Brasil
Irmãos de 7 e 9 anos são encontrados após quase um mês perdidos na floresta amazônica
Os irmãos Glauco e Gleison Carvalho Ferreira, de 7 e 9 anos, ficaram quase um mês perdidos na floresta amazônica. As crianças foram encontradas em grave estado de desnutrição e desidratação na última terça-feira (15), a mais de 35 km de casa, na comunidade de Manicoré, no Amazonas. As informações são do Uol.
A dupla estava desaparecida desde o dia 18 de fevereiro, quando saiu de casa para caçar passarinhos na região. Após o resgate, ambos foram encaminhados para tratamento especializado na capital amazonense.
O coordenador do Distrito Sanitário Indígena (DSEI) de Manaus, Januário Carneiro Neto, detalhou que os meninos improvisaram alimentos para não morrer de fome, consumindo sorva, um fruto típico da região.
Na época do desaparecimento, o Corpo de Bombeiros anunciou o fim das buscas ainda no dia 25 de fevereiro. Porém, familiares, moradores e indígenas da comunidade Capanã Grande seguiram procurando as crianças. Os irmãos foram, por fim, encontrados por um cortador de lenha.
Devido ao estado de choque pelo que viveram, os dois falaram pouco sobre o assunto. Para o coordenador, o resgate pode ser considerado um “milagre”. “Foi proteção dos espíritos da floresta”, comemorou.
A sorva é uma fruta pouco adocicada, com casca verde e bastante pequena. O fruto era bastante consumido por seringueiros que cortavam a mata amazônica em busca do látex e muitas vezes não levavam nada para a alimentação nas trilhas no meio da floresta.
A sorva tem alto teor de gordura e em razão do carboidrato que possui, é uma fonte de energia para o corpo.
INSTINTOS DE SOBREVIVÊNCIA
Durante o tempo na floresta, o irmão mais velho buscou as árvores que tivessem frutos para manter a dupla alimentada. Além disso, quando o caçula teve dificuldade de andar, devido às feridas nos pés provocadas pelo contato com o solo, chegou a carregar o irmão nas costas.
Ainda segundo o Uol, uma das enfermeiras responsável pelo atendimento dos meninos compartilhou que eles utilizavam folhas de árvores para coletar a água que caía da chuva e não morrer de sede. A declaração foi feita pelas próprias crianças.

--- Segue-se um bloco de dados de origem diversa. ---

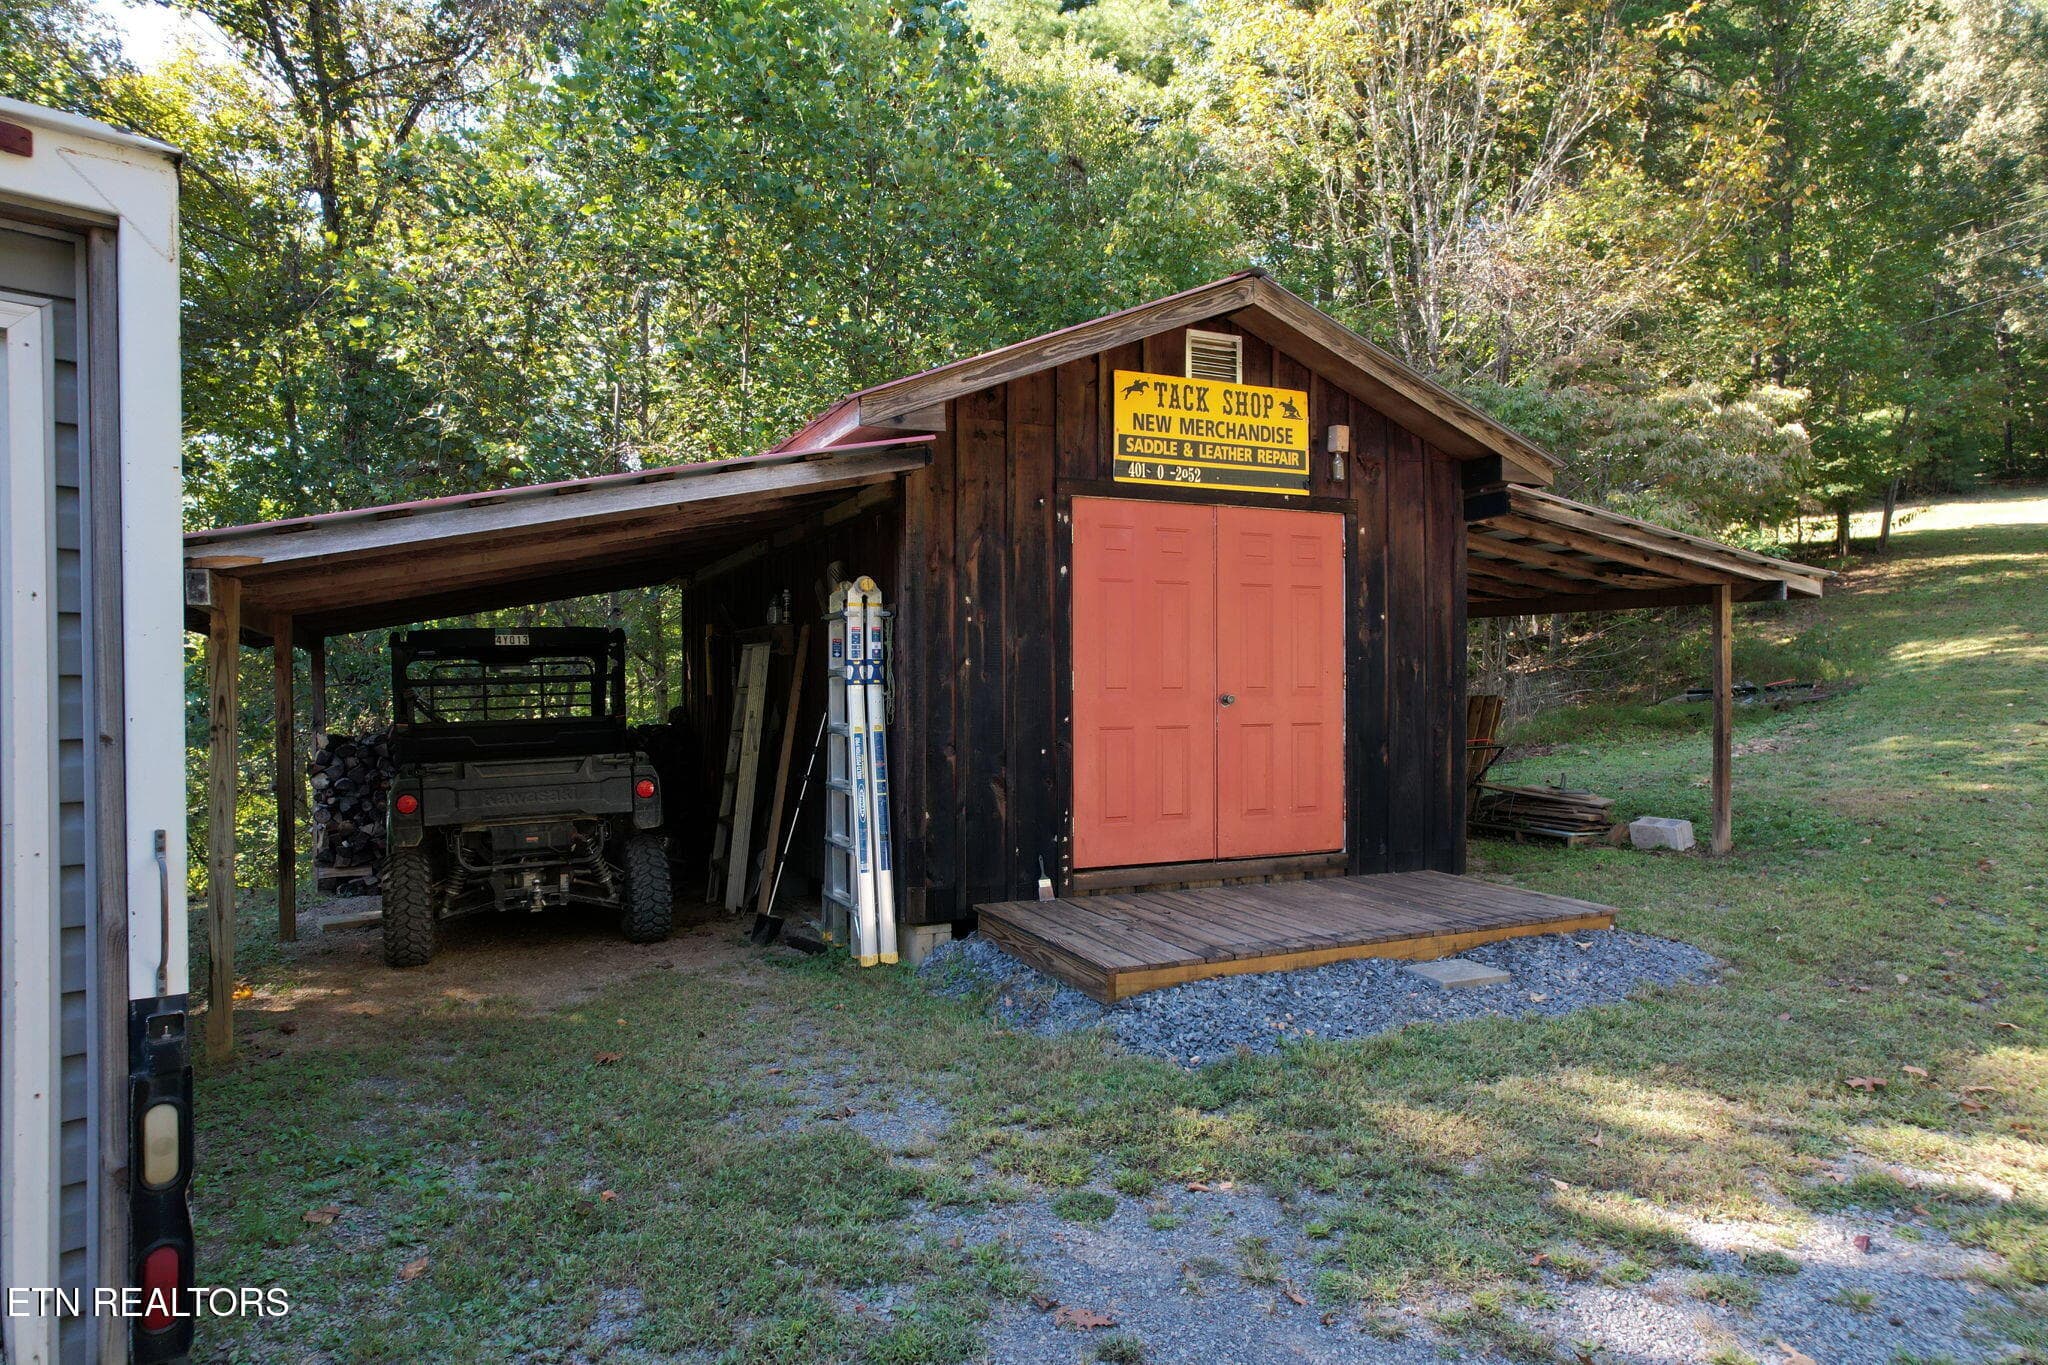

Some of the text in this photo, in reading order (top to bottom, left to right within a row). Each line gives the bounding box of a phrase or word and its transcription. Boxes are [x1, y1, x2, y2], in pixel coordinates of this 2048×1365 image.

[1153, 381, 1274, 419] TACK SHOP
[1132, 412, 1293, 445] NEW MERCHANDISE
[1126, 437, 1300, 466] SADDLE & LEATHER REPAIR
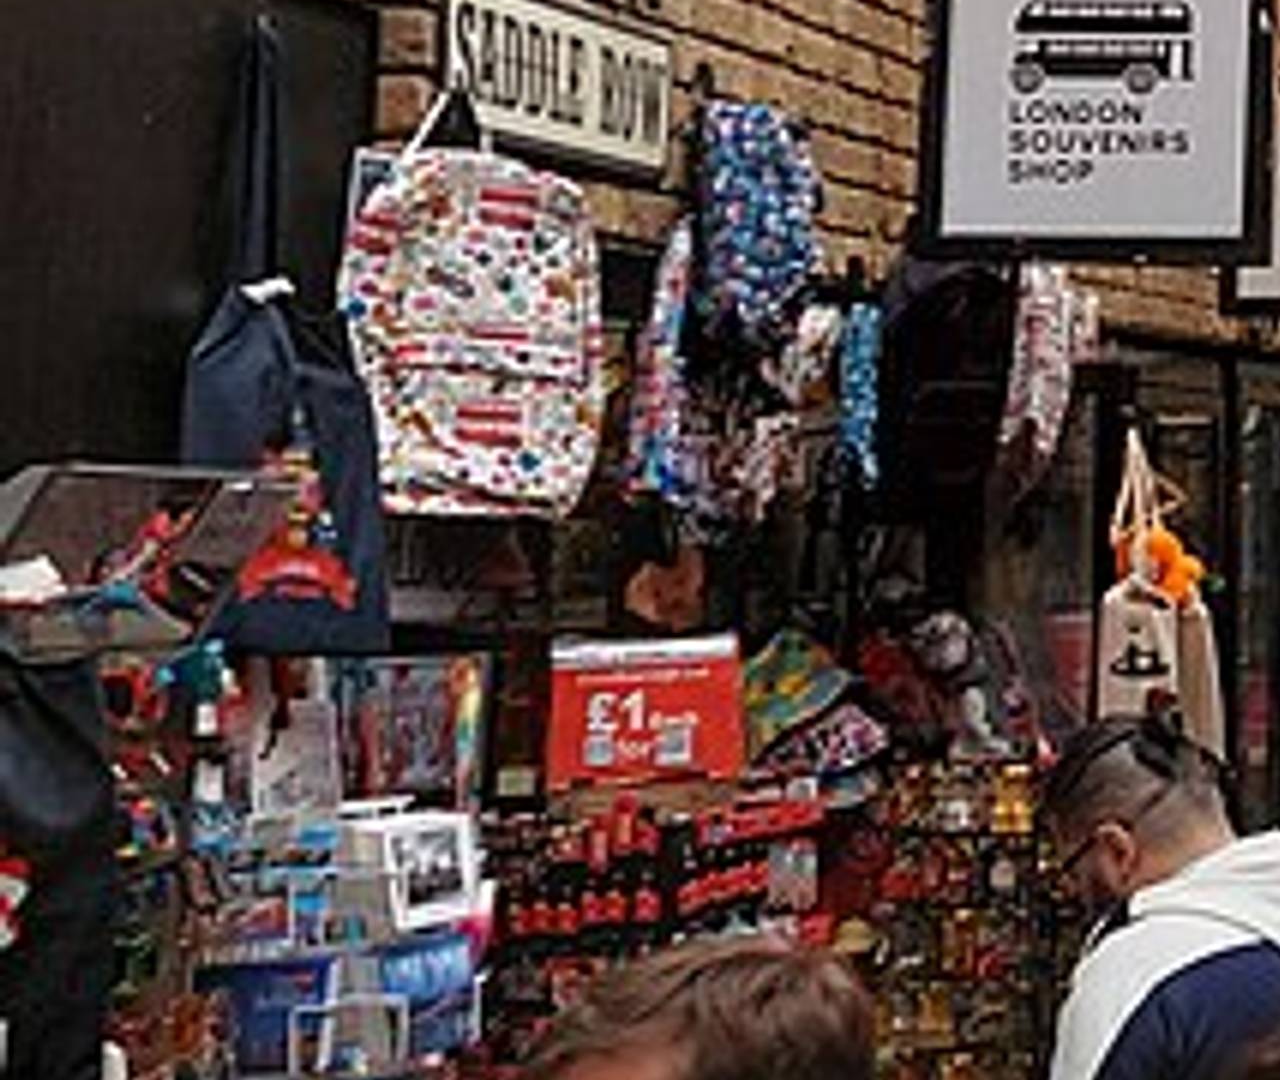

Depois do resgate, foram de Manicoré, a 390 km da capital, para o Hospital e Pronto-Socorro da Criança (HPSC), na Zona Oeste de Manaus, onde seguem internadas.
A transferência ocorreu após o Ministério Público expedir um ofício determinando o deslocamento, caso não fosse possível atendimento especializado no Hospital Regional de cidade.
A Secretaria de Estado da Saúde informou que as crianças ainda não podem ingerir alimentos sólidos, mas já estão clinicamente estáveis, recebendo os cuidados necessários para reverter o quadro de desnutrição e os ferimentos.